Some plastic surgeons offered "Botox parties" to which women were invited as a group and underwent injections for their wrinkles one after another, Reches said. Promotions for "discounted" plastic surgery appear in catalogues along with TVs and vacuum cleaners. He conceded that public hospitals, including Hadassah's for-pay Hadassah Optimal, offered esthetic surgery that was not covered by health funds, and that their standards were much higher and not aggressively marketed.

Although doctors were permitted to advertise, they could not include prices or make exaggerated claims about their skills and experience, Reches said.

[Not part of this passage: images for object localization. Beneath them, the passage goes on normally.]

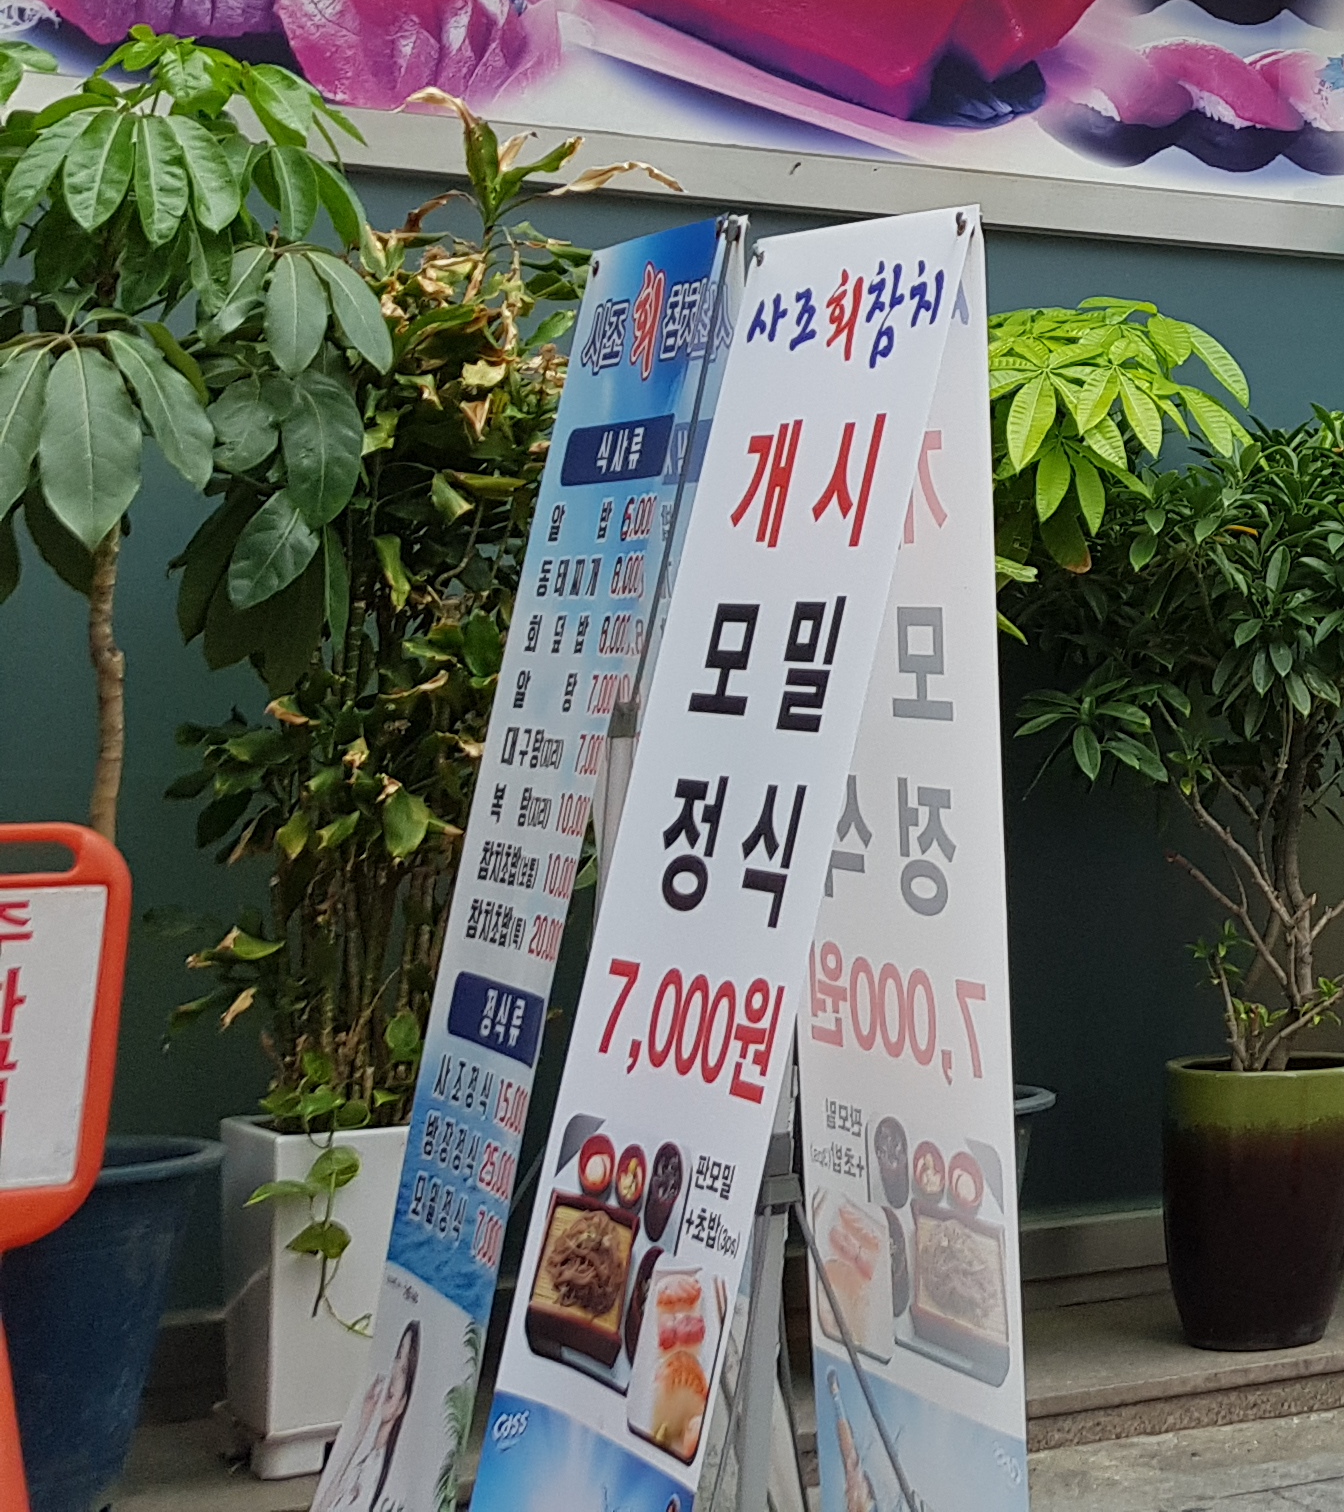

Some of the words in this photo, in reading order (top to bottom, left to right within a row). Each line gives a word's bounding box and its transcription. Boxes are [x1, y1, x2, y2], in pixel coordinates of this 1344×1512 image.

[746, 259, 946, 369] 사조회참치
[596, 426, 645, 475] 식사류
[730, 412, 887, 548] 개시
[687, 595, 848, 733] 모밀
[661, 774, 808, 930] 정식
[597, 956, 786, 1105] 7,000원
[695, 1154, 736, 1201] 판모밀
[684, 1207, 741, 1259] +초밥(3ps)
[492, 1408, 530, 1439] Cass
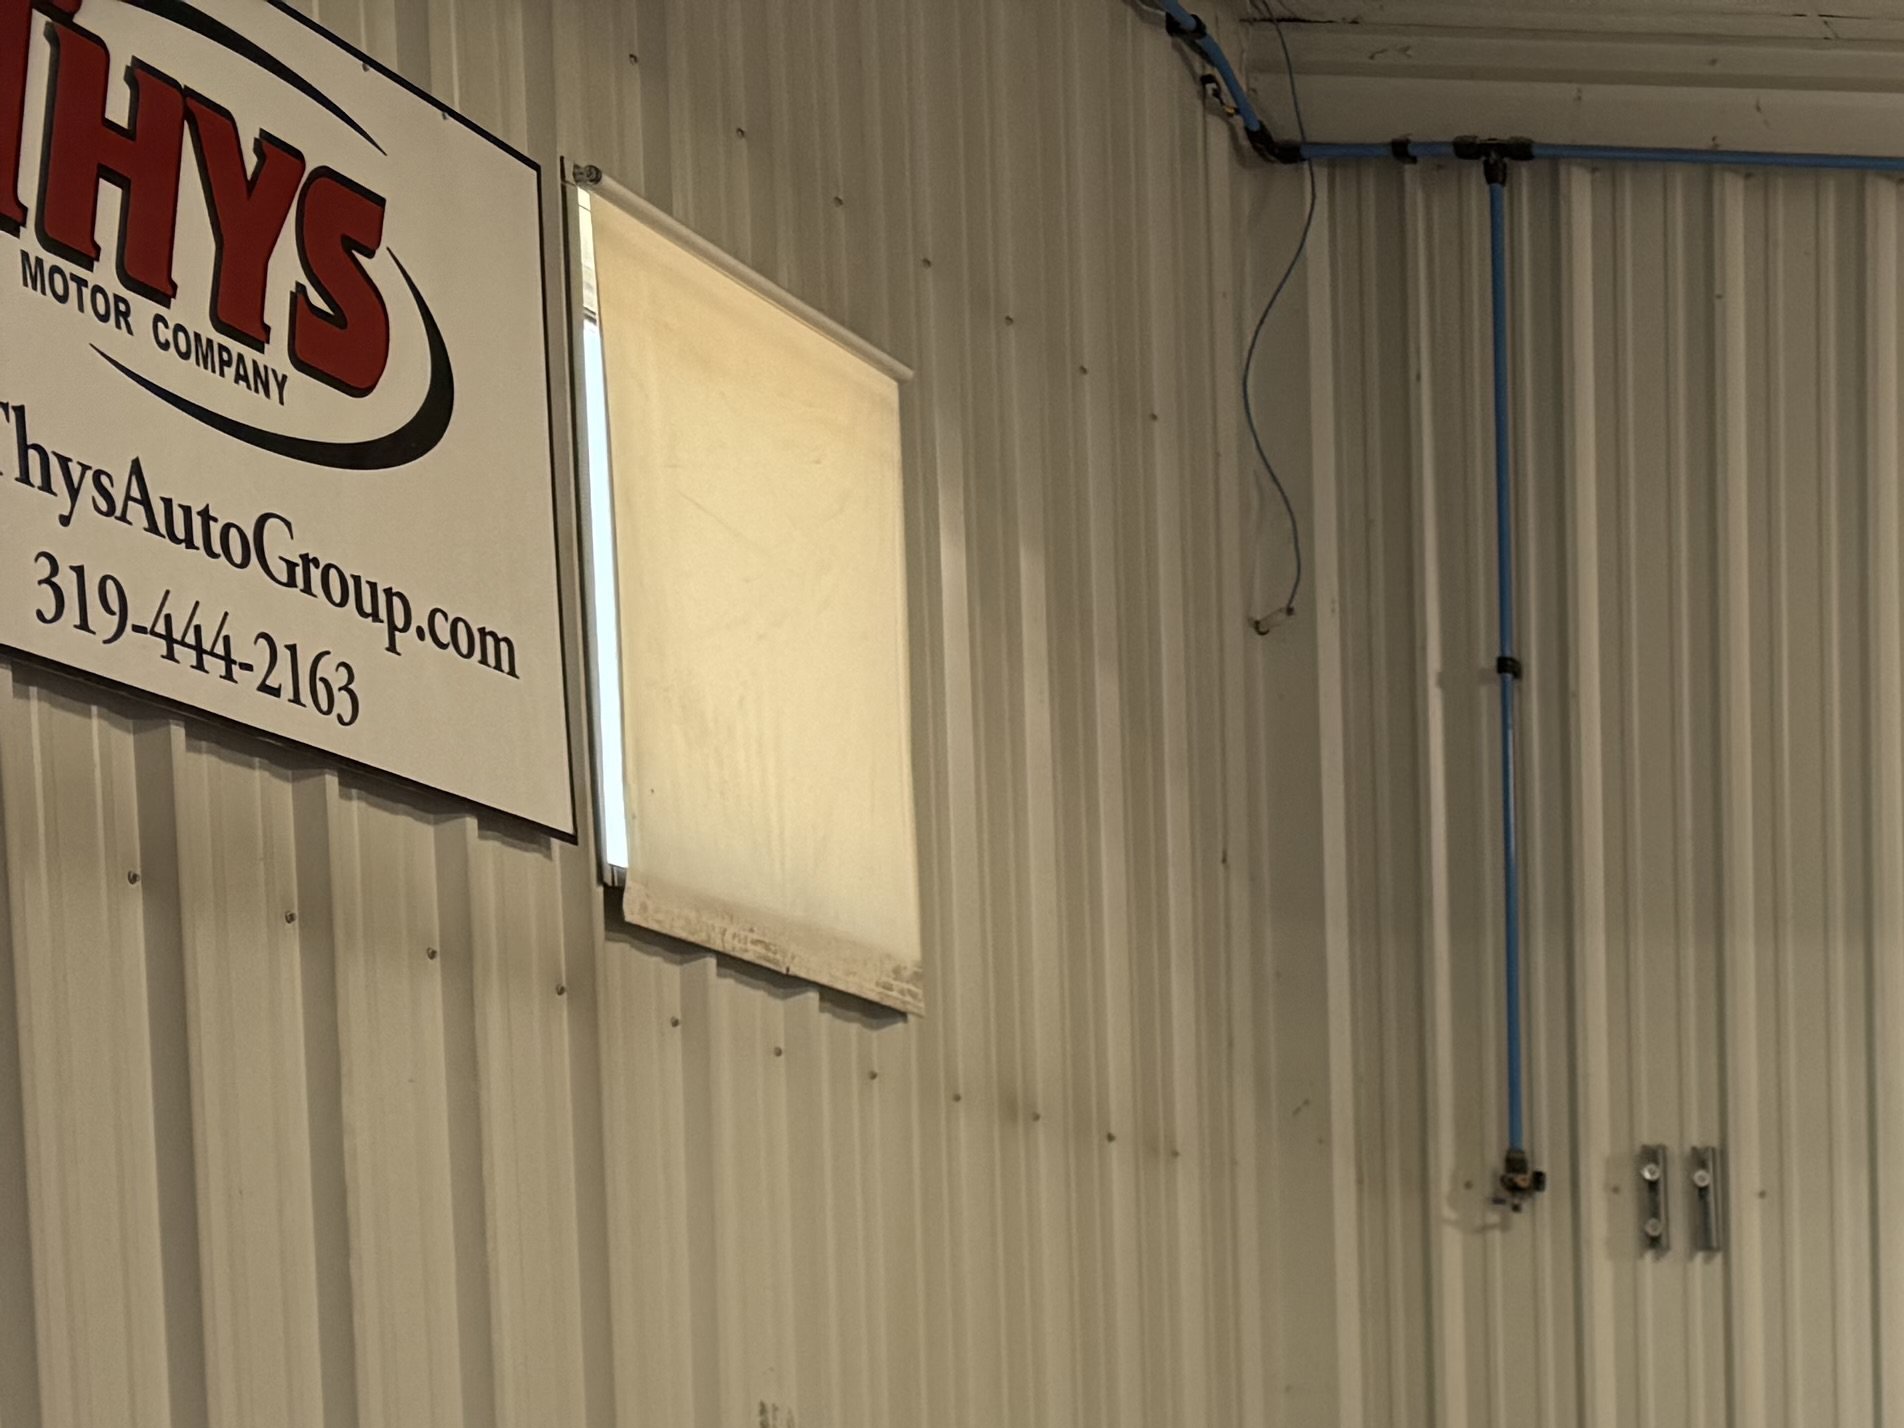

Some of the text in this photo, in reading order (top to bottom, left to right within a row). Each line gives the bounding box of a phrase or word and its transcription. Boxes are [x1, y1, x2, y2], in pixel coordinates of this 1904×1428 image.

[20, 249, 288, 406] MOTOR COMPANY
[0, 401, 520, 680] hysAutoGroup.com
[34, 551, 360, 727] 319-444-2163

Most of the advertising violations investigated by the IMA's ethics bureau involved plastic surgeons, he said. "They buy whole pages in newspapers and invent questions that they answer. They create diseases that don't exist and illegally give names of famous people who used their services. They also display parts of the body that may not be published in such ads."

Dr. Roni Moscona, an experienced plastic and reconstructive surgeon at Rambam Medical Center in Haifa and the private Ramat Aviv Medical Center, said he could defend his profession but not doctors who advertised and made exaggerated claims. "I believe that a doctor will get patients if he is a good doctor; the word spreads," Moscona said.

Although plastic and reconstructive surgeon can't claim to save lives, Moscona said, it did improve the quality of life of many patients, and satisfaction rates in the US, for example, were "between 80 percent and 90% - a figure that no other medical specialty can beat."

As no parent would hesitate to improve a child's looks with orthodontic treatment, Moscona added, there was no reason why people who were disfigured or terribly unhappy with their body should not try to change them. But he denounced surgeons who performed unnecessary surgery, as on the now-deformed Michael Jackson, and said doctors were now allowed to advertise within limits, thanks to a Supreme Court decision by then court president Aharon Barak.

Moscona criticized the Health Ministry for allowing companies to put its stamp of approval on products that falsely claimed to improve the shape of breasts "without surgery or pain," and showed an ad that said it even had kashrut approval from the Rabbinate. Ministry approval means only that something is not harmful to health - but not that it offers any benefit.

Moscona said he had hundreds of letters from patients who said he "changed their lives" by eliminating physical deformities.